**The input:**

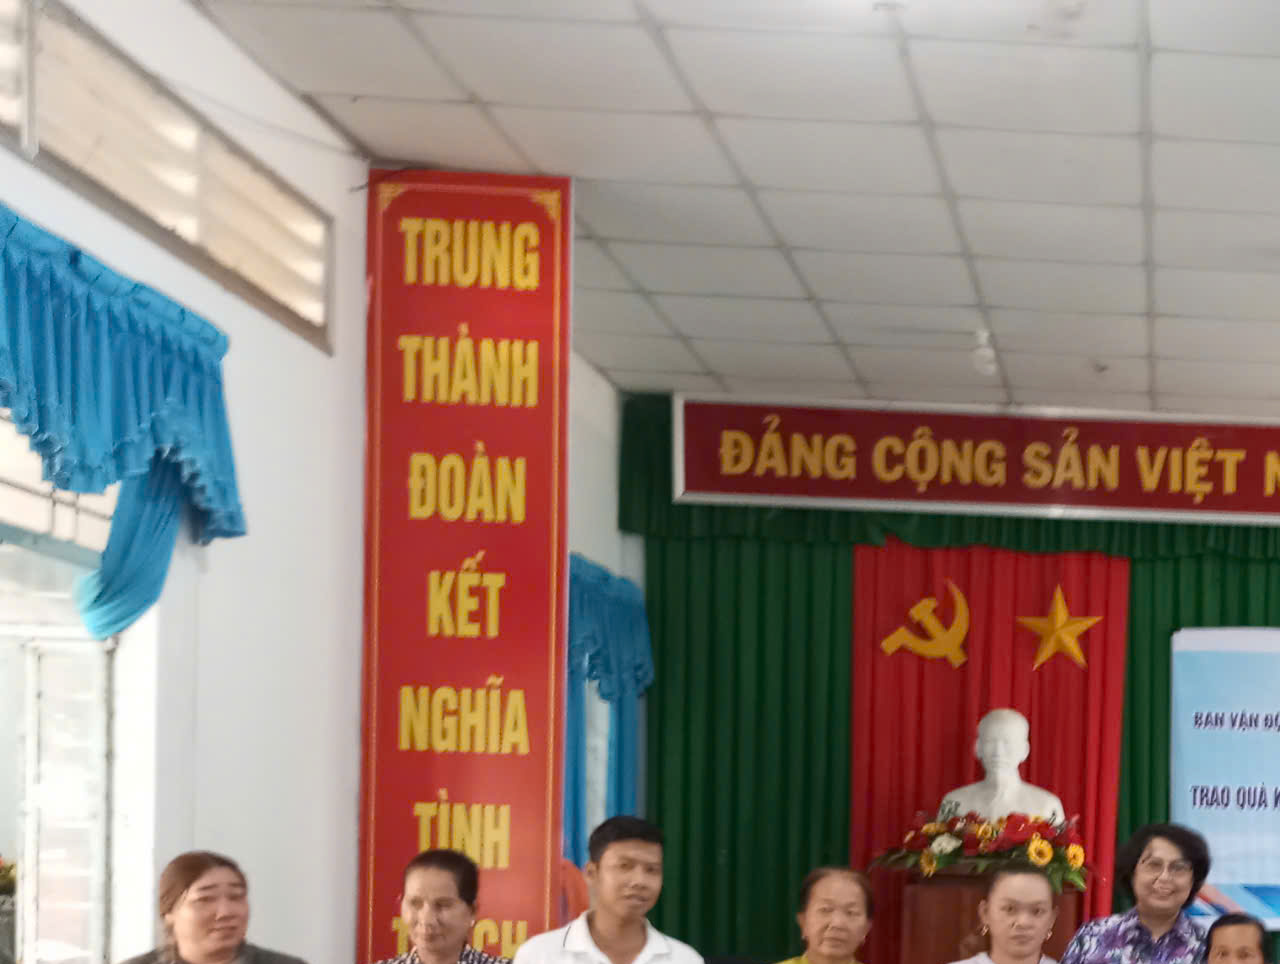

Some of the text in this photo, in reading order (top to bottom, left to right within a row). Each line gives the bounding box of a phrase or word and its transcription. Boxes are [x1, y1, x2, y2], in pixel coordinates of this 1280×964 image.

[399, 216, 540, 291] TRUNG
[398, 322, 539, 407] THÀNH
[408, 440, 527, 524] ĐOÀN
[719, 414, 858, 481] ĐẢNG
[872, 426, 1006, 493] CỘNG
[1022, 427, 1120, 491] SẢN
[1135, 437, 1246, 503] VIỆT
[427, 550, 506, 639] KẾT
[398, 674, 530, 755] NGHĨA
[1194, 711, 1225, 729] BAN
[1190, 785, 1231, 809] TRAO

**Your objective:**
Every entry above needs to be retyped exactly; drop the pictures.

**Solved problem:**
Some of the text in this photo, in reading order (top to bottom, left to right within a row). Each line gives the bounding box of a phrase or word and its transcription. Boxes are [x1, y1, x2, y2], in pixel coordinates of this 1280×964 image.

[399, 216, 540, 291] TRUNG
[398, 322, 539, 407] THÀNH
[408, 440, 527, 524] ĐOÀN
[719, 414, 858, 481] ĐẢNG
[872, 426, 1006, 493] CỘNG
[1022, 427, 1120, 491] SẢN
[1135, 437, 1246, 503] VIỆT
[427, 550, 506, 639] KẾT
[398, 674, 530, 755] NGHĨA
[1194, 711, 1225, 729] BAN
[1190, 785, 1231, 809] TRAO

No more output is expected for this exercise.